The in-season tournament could arrive next season


April 1

The NBA and National Basketball Players Association reached an agreement on a new seven-year collective bargaining agreement, sources told ESPN NBA insider Adrian Wojnarowski on Saturday.

The tentative deal is expected to be ratified by league governors and players in the coming weeks and includes a mutual opt-out after the sixth year, according to Wojnarowski.

The new CBA prevented the possibility of a work stoppage this summer, and the reported details could have sharp effects on the Boston Celtics.

“The NBA is curbing the ability of the highest-spending teams, such as the Golden State Warriors and the LA Clippers, to continue running up salary and luxury tax spending while still maintaining mechanisms to add talent to the roster,” Wojnarowski wrote. “The NBA is implementing a second salary cap apron — $17.5 million over the tax line — and those teams will no longer have access to the taxpayer mid-level in free agency. Those changes will be eased into the salary cap over a period of years.”

ESPN used the example of the Celtics signing Danilo Gallinari this past offseason despite Boston being over $25 million above the $150 million luxury tax this season, according to Spotrac.
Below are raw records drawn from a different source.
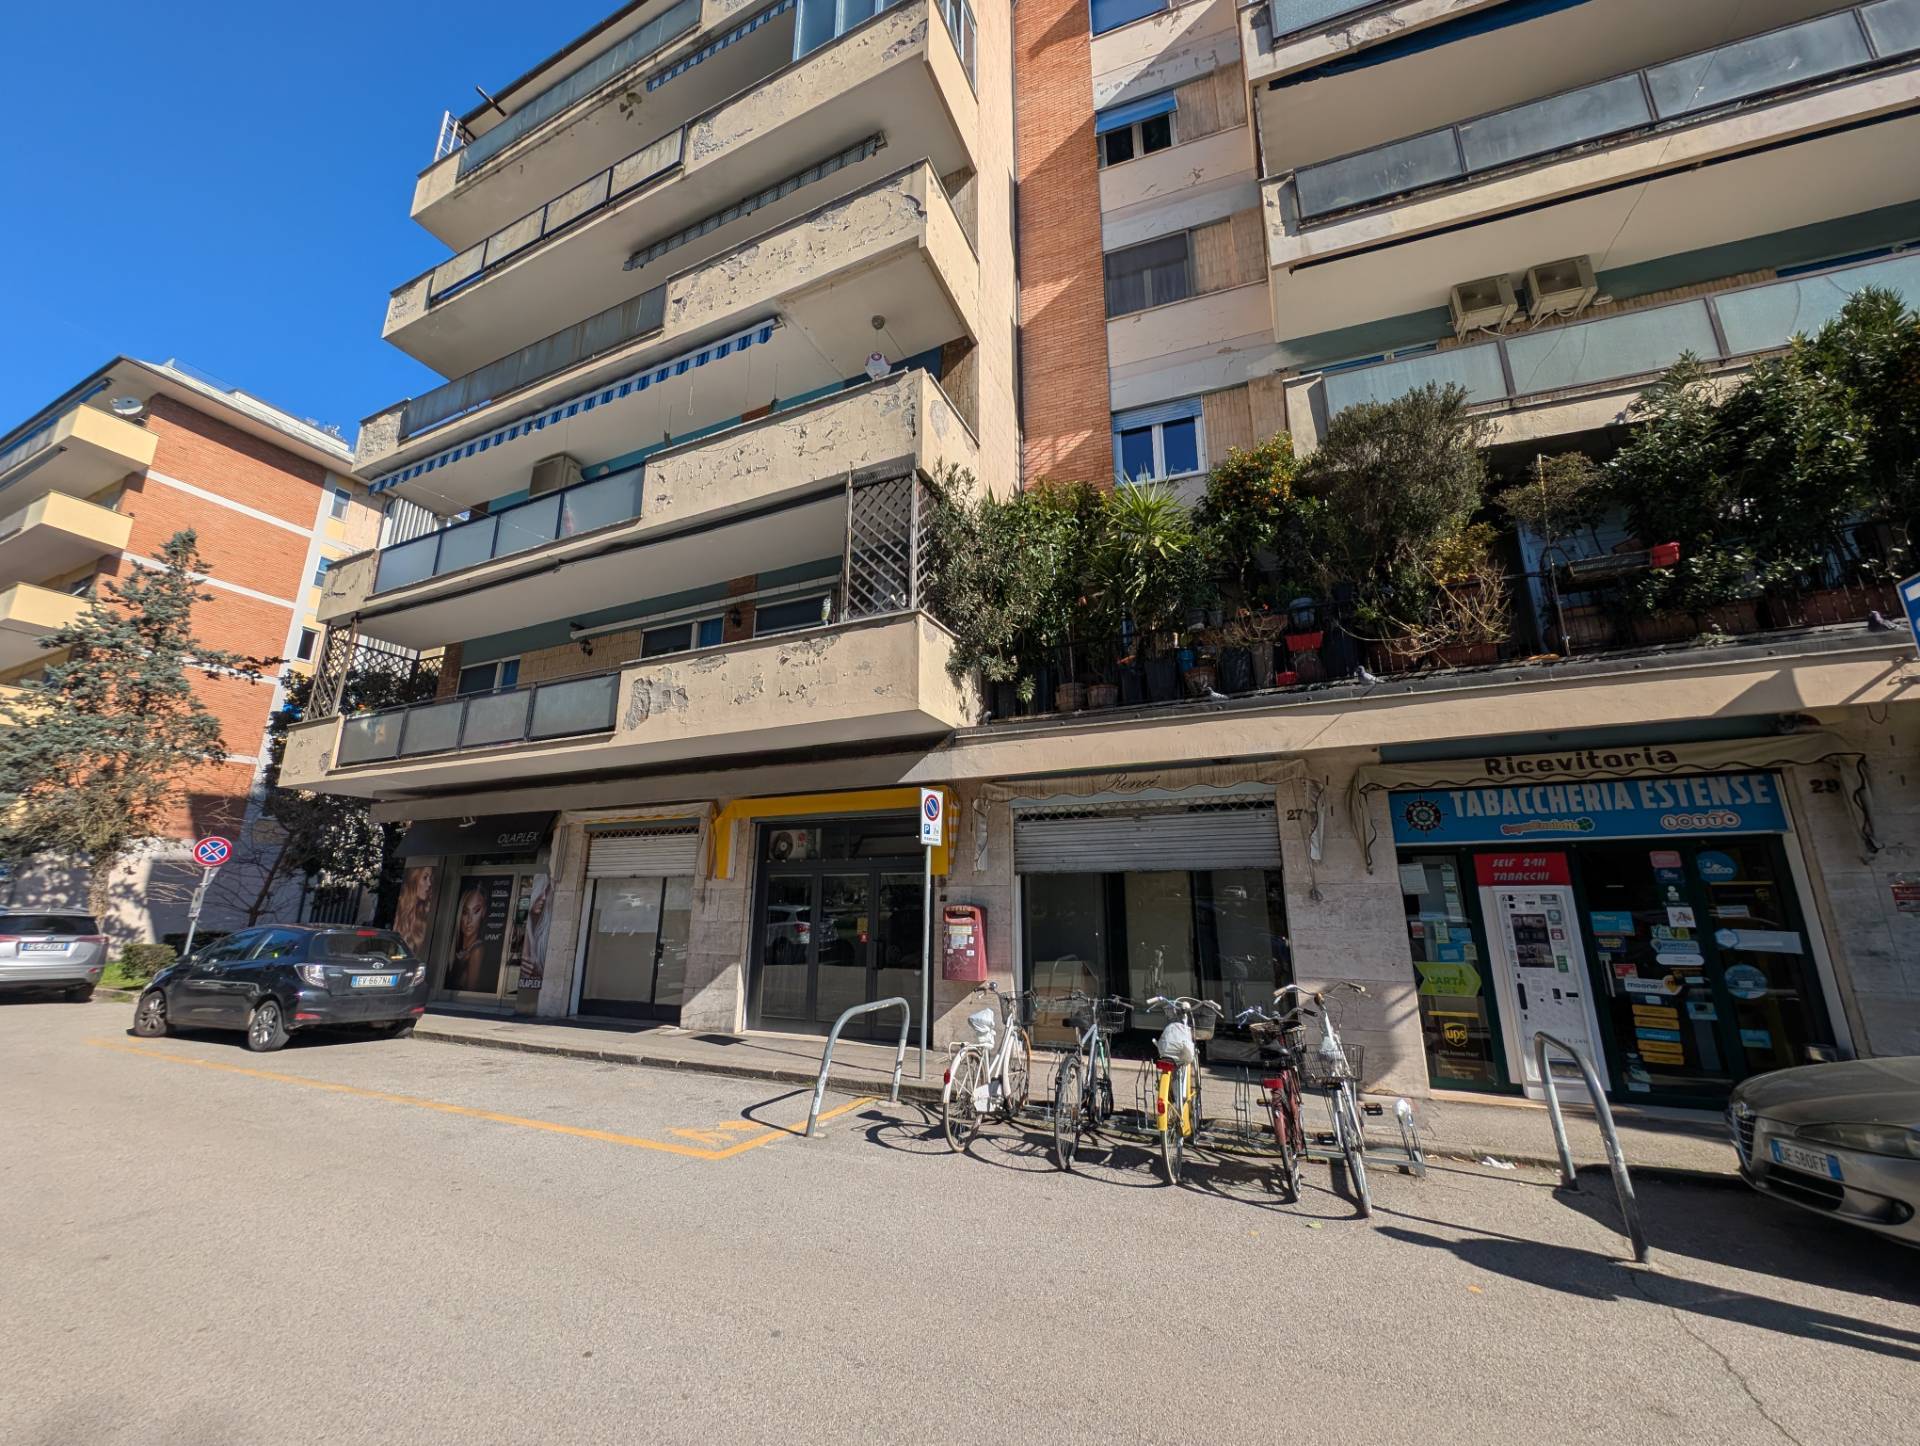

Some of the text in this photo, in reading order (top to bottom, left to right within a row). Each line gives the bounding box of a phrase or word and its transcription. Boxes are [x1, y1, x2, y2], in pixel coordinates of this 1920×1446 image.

[1485, 747, 1678, 776] Ricevitoria
[1809, 778, 1840, 794] 29
[1451, 781, 1635, 818] TABACCHERIA
[1638, 773, 1771, 810] ESTENSE
[1287, 808, 1303, 821] 27
[497, 831, 540, 845] OLAPLEX
[1493, 871, 1550, 881] TABACCHI
[519, 978, 541, 989] OLAPLEX
[1447, 1030, 1466, 1043] ups
The C’s signed the veteran forward on the mid-level exception, and after the 34-year-old tore his ACL last summer, Boston was granted a disabled player exception.

What could be beneficial for the Celtics is an increase to the upper limits of an extension from 120% to 140%.
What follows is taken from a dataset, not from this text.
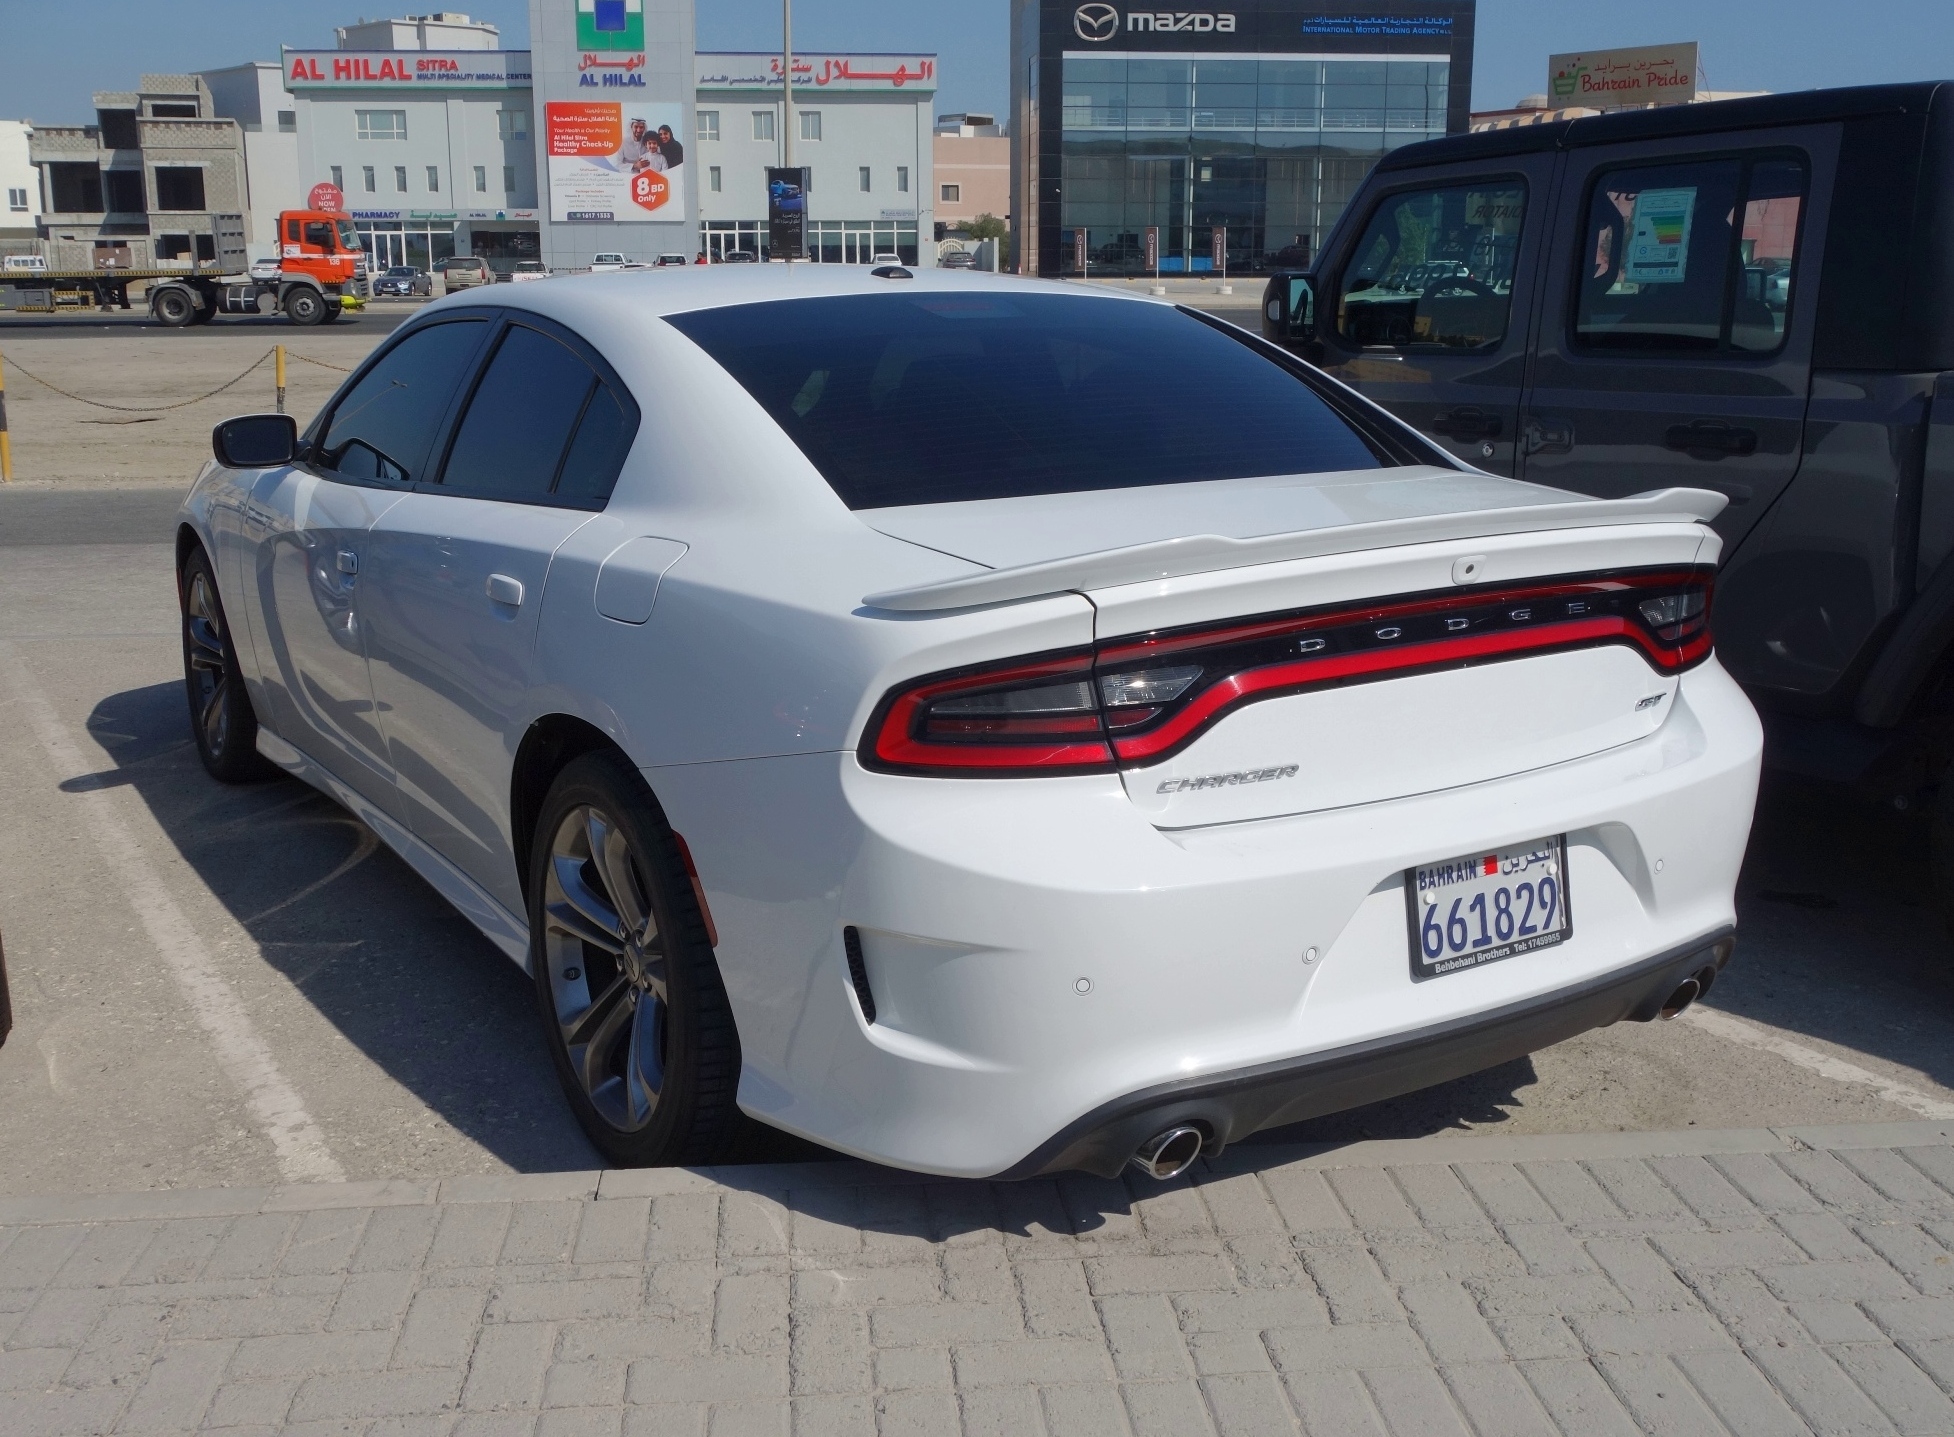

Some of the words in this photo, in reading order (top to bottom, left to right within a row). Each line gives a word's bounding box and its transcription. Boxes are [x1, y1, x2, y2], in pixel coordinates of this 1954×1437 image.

“Under the current rules, Brown would be allowed to sign a four-year extension worth $165 million. With the extension rules increased to 140%, however, Brown — who is set to earn $31.8 million in the 2023-24 season, the final year of his current contract — would be able to reach his four-year maximum of $189 million,” according to ESPN’s Bobby Marks.

If Brown makes an All-NBA team this season, he will be eligible for a supermax extension, but if he does not, other teams have the ability to offer a larger deal. However, under the reported new CBA, the Celtics still would have leverage to re-sign the All-Star wing.

Brown has been uncommitted and vague about his future in Boston, but once the new CBA is approved, money would not be an issue in retaining the seventh-year star.

Other reported details in the new CBA include a minimum of 65 games played to be eligible for postseason awards like All-NBA teams and MVP in an effort to curb load management.

An in-season tournament, which could start as soon as the 2023-24 season, reportedly was approved

“The event will include pool-play games baked into the regular-season schedule starting in November — with eight teams advancing to a single-elimination tournament in December. The Final Four will be held at a neutral site, with Las Vegas prominent in the discussion,” sources told ESPN.

Commissioner Adam Silver has cited the UEFA Champions League as a model for the tournament, and it would take a while for this new tournament to reach the heights the Champions League has for soccer fans. The WNBA has two seasons with the Commissioner’s Cup implemented in its regular season, with the Connecticut Sun falling short in the inaugural in-season contest.

It would mean another trophy for the Celtics to add to the display case, but, again, it would take a while for teams to value a midseason competition as much as an NBA championship.

But in the immediate future, Boston fans should be encouraged by this new CBA as it gives the team a better chance at retaining its superstar duo of Brown and Jayson Tatum.